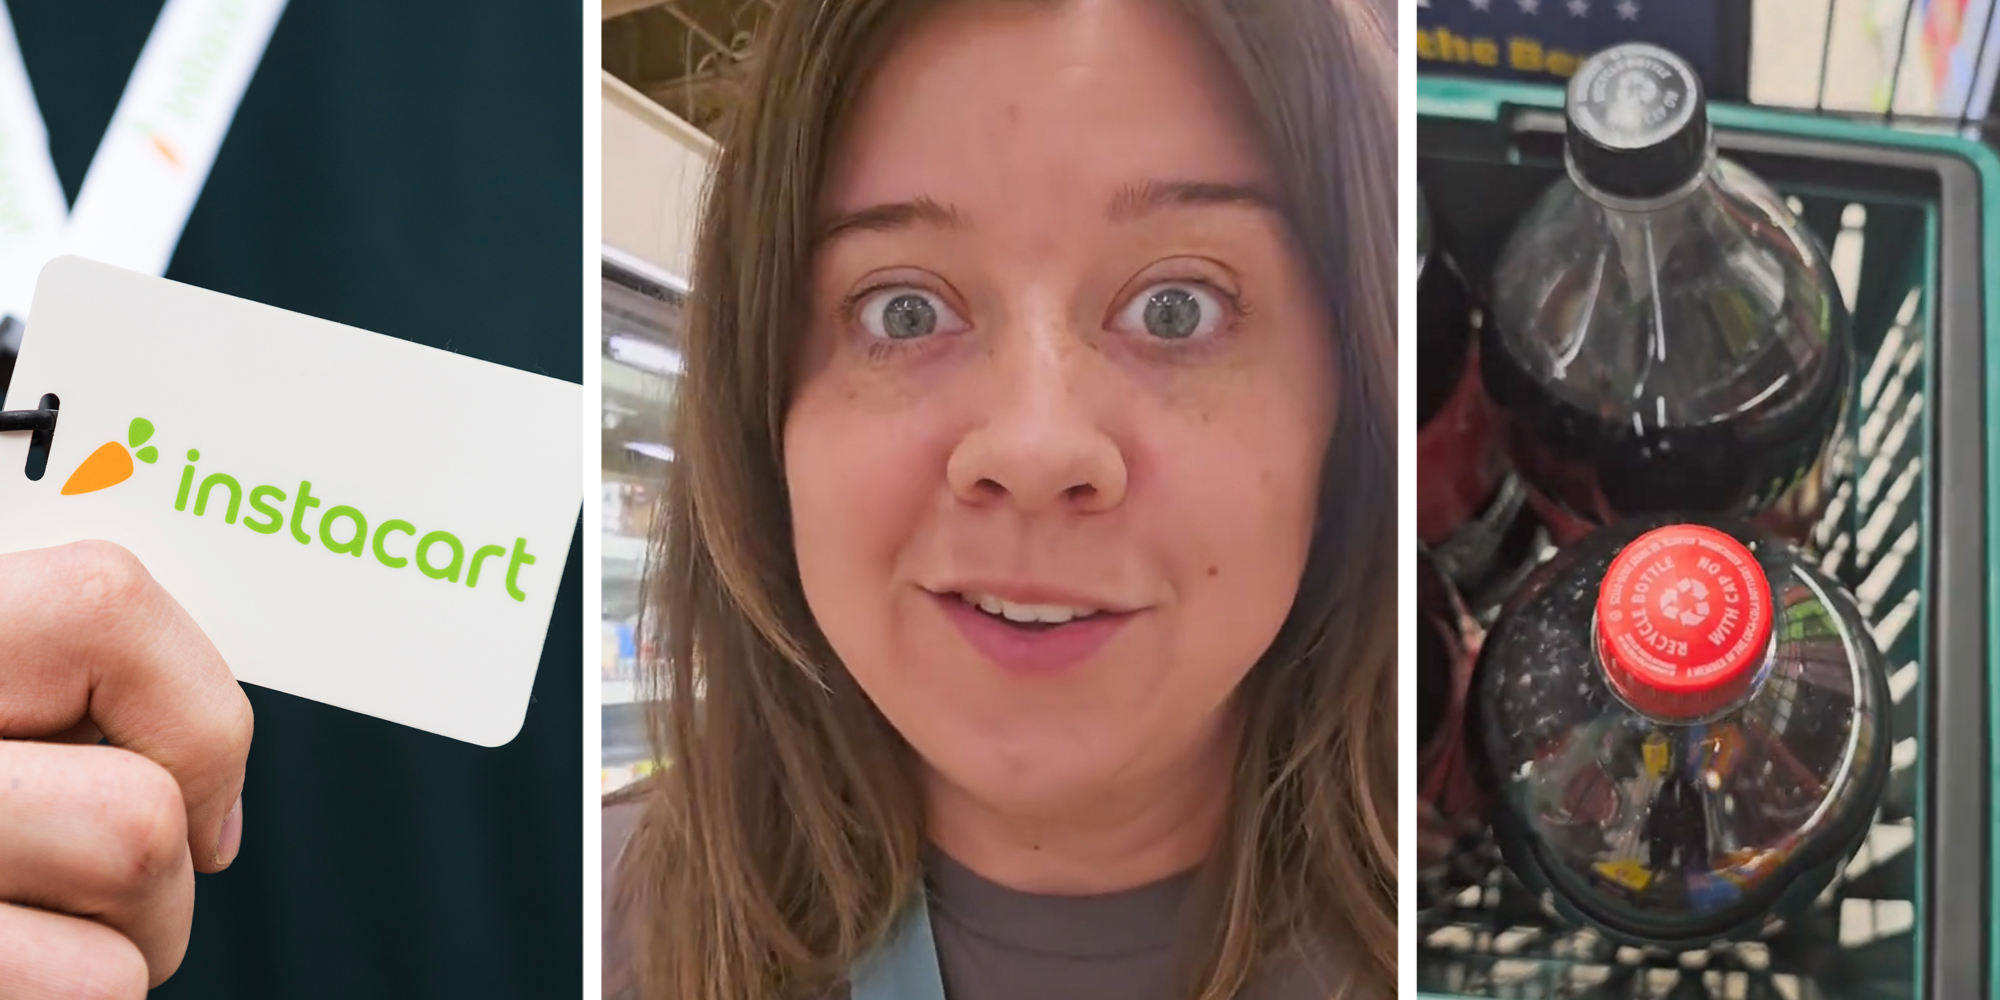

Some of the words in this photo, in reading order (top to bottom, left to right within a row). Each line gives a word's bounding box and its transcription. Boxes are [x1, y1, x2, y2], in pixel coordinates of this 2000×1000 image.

[174, 448, 536, 602] instacart
[1631, 556, 1676, 604] BOTTLE
[1697, 556, 1721, 575] ON
[1717, 575, 1740, 604] CAP
[1631, 607, 1689, 657] RECYCLE
[1707, 606, 1740, 647] WITH

> **Assignment**
Would you print the whole listing exactly, omitting the pictures?

> **Solution for this exercise**
Some of the words in this photo, in reading order (top to bottom, left to right within a row). Each line gives a word's bounding box and its transcription. Boxes are [x1, y1, x2, y2], in pixel coordinates of this 2000×1000 image.

[174, 448, 536, 602] instacart
[1631, 556, 1676, 604] BOTTLE
[1697, 556, 1721, 575] ON
[1717, 575, 1740, 604] CAP
[1631, 607, 1689, 657] RECYCLE
[1707, 606, 1740, 647] WITH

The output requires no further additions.